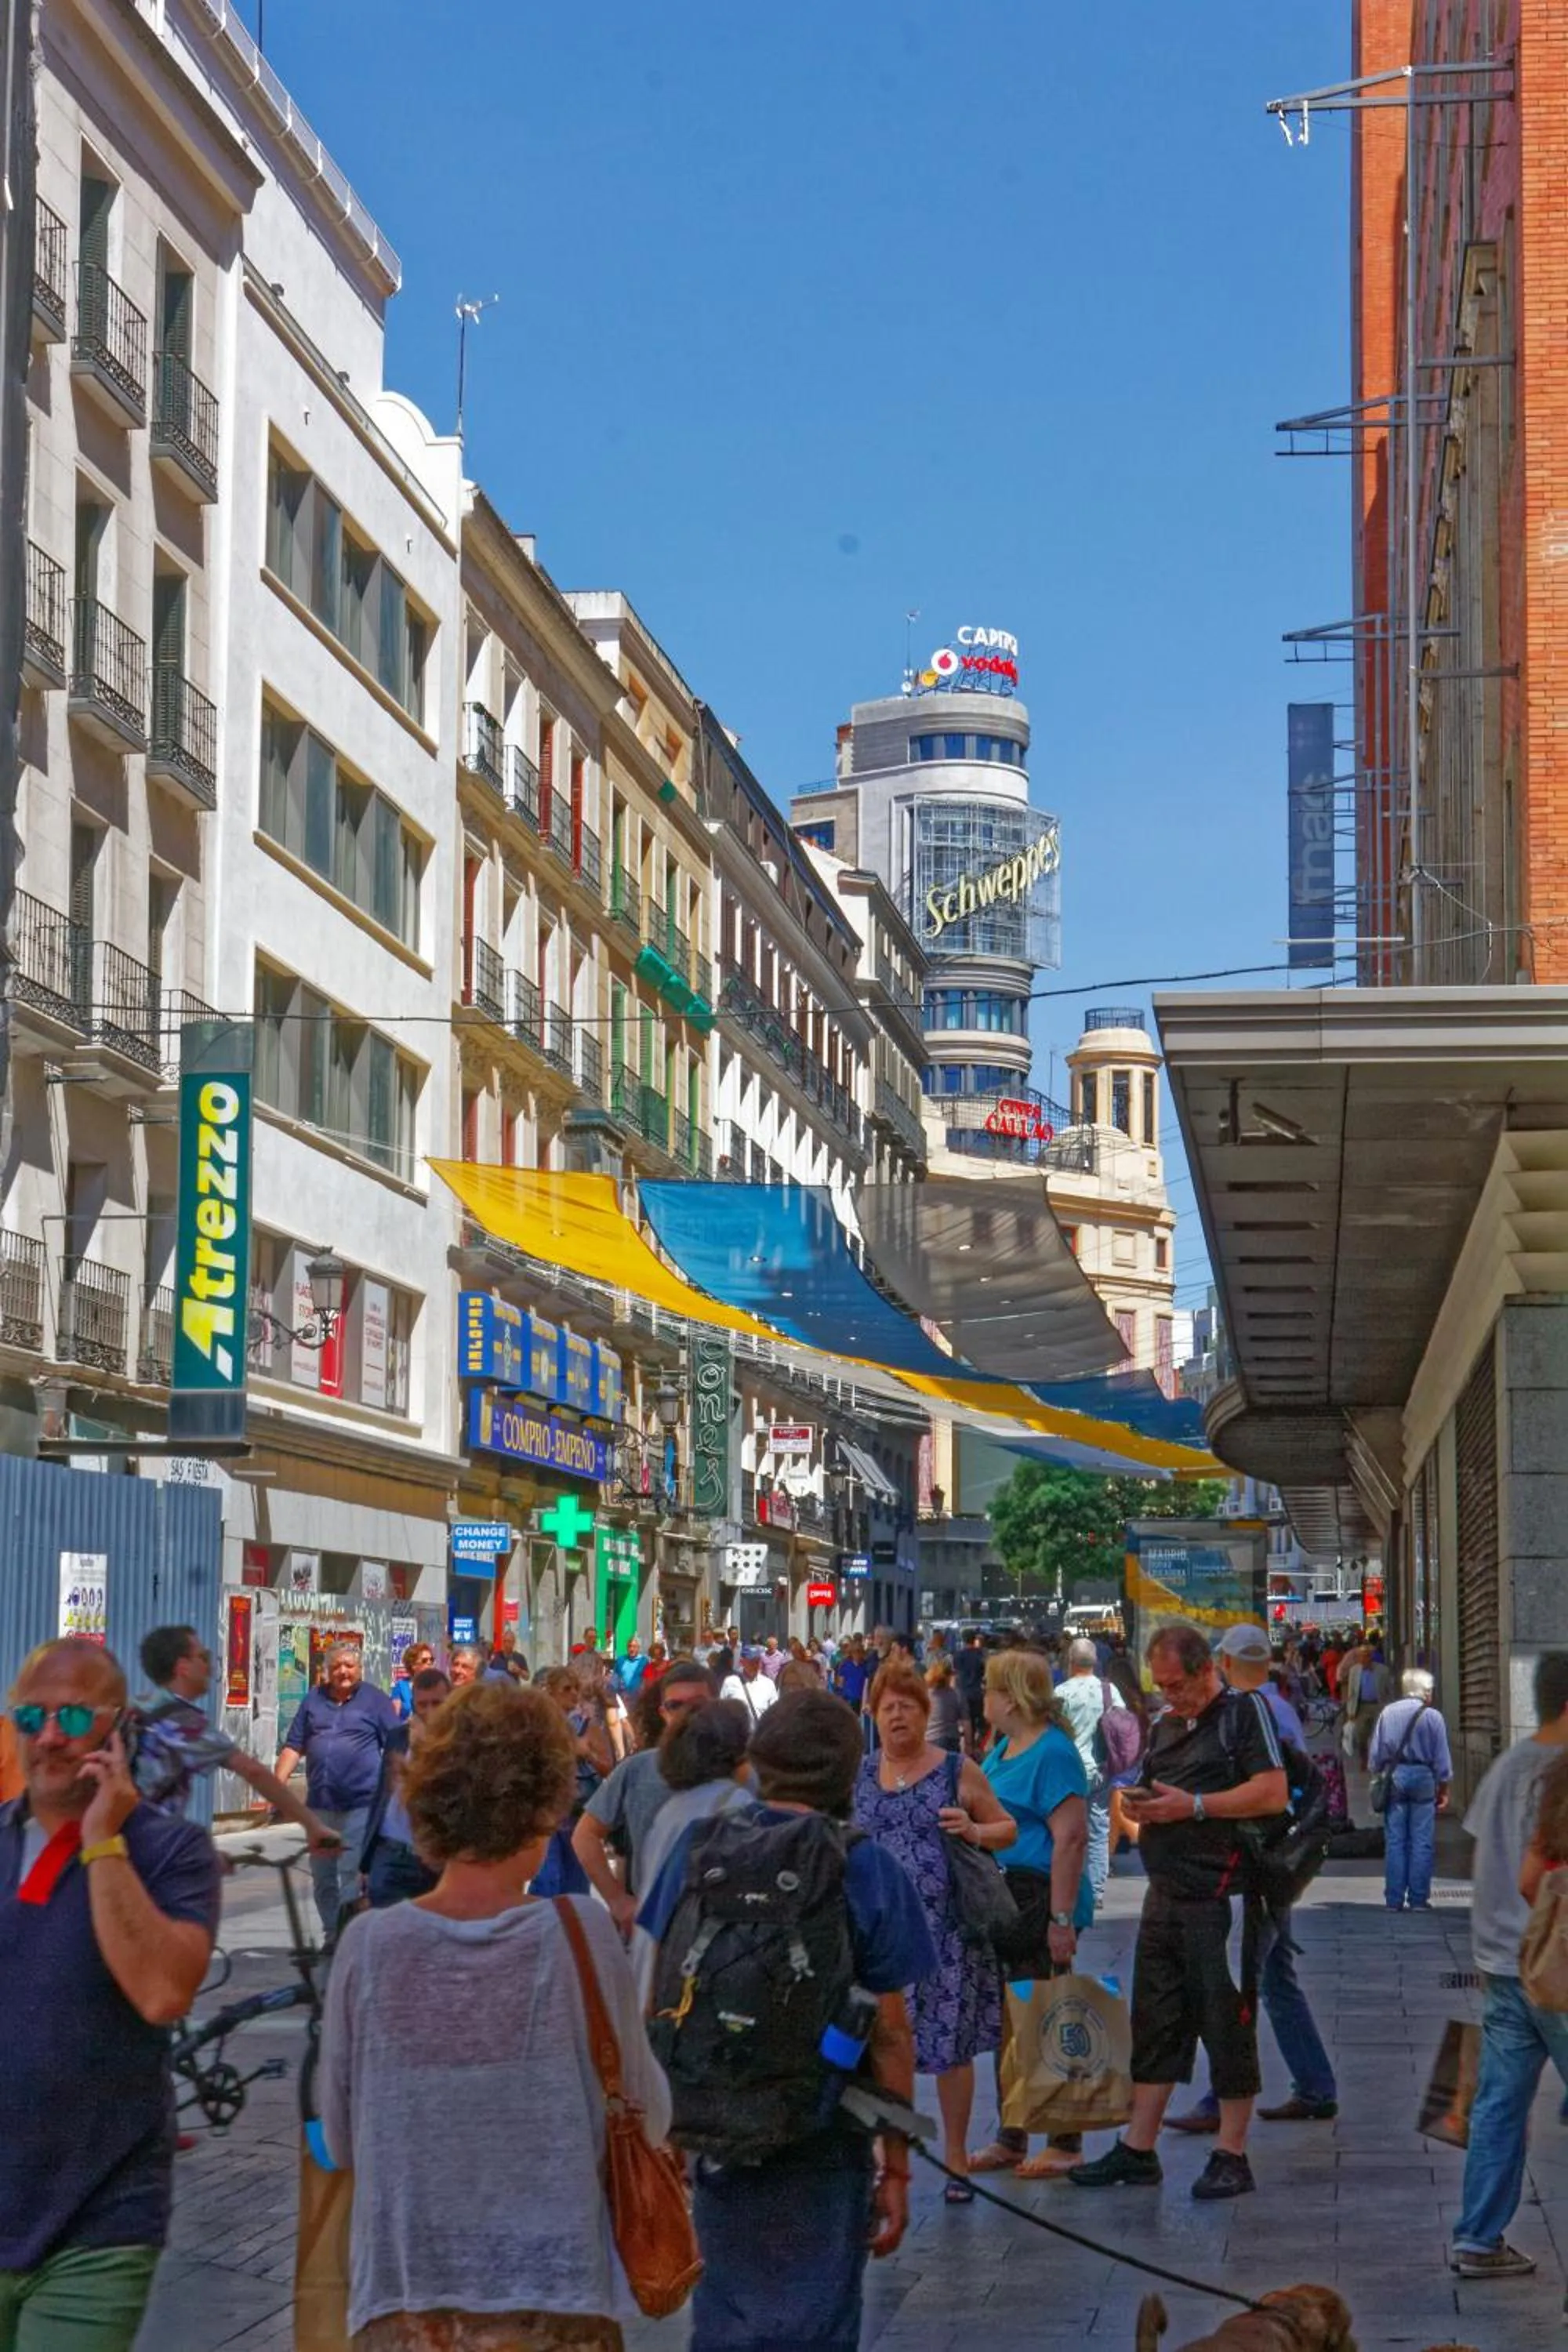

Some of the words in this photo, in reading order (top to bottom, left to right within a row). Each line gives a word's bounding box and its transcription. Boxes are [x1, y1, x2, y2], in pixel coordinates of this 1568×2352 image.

[924, 825, 1060, 938] Schweppes
[983, 1112, 1054, 1142] CALLAO
[455, 1526, 506, 1537] CHANGE
[458, 1539, 503, 1550] MONEY

§ **GOAL OF THE EXERCISE**:
Copy out every entry above verbatim. Leave each picture out.

§ **TASK RESPONSE**:
Some of the words in this photo, in reading order (top to bottom, left to right within a row). Each line gives a word's bounding box and its transcription. Boxes are [x1, y1, x2, y2], in pixel coordinates of this 1568×2352 image.

[924, 825, 1060, 938] Schweppes
[983, 1112, 1054, 1142] CALLAO
[455, 1526, 506, 1537] CHANGE
[458, 1539, 503, 1550] MONEY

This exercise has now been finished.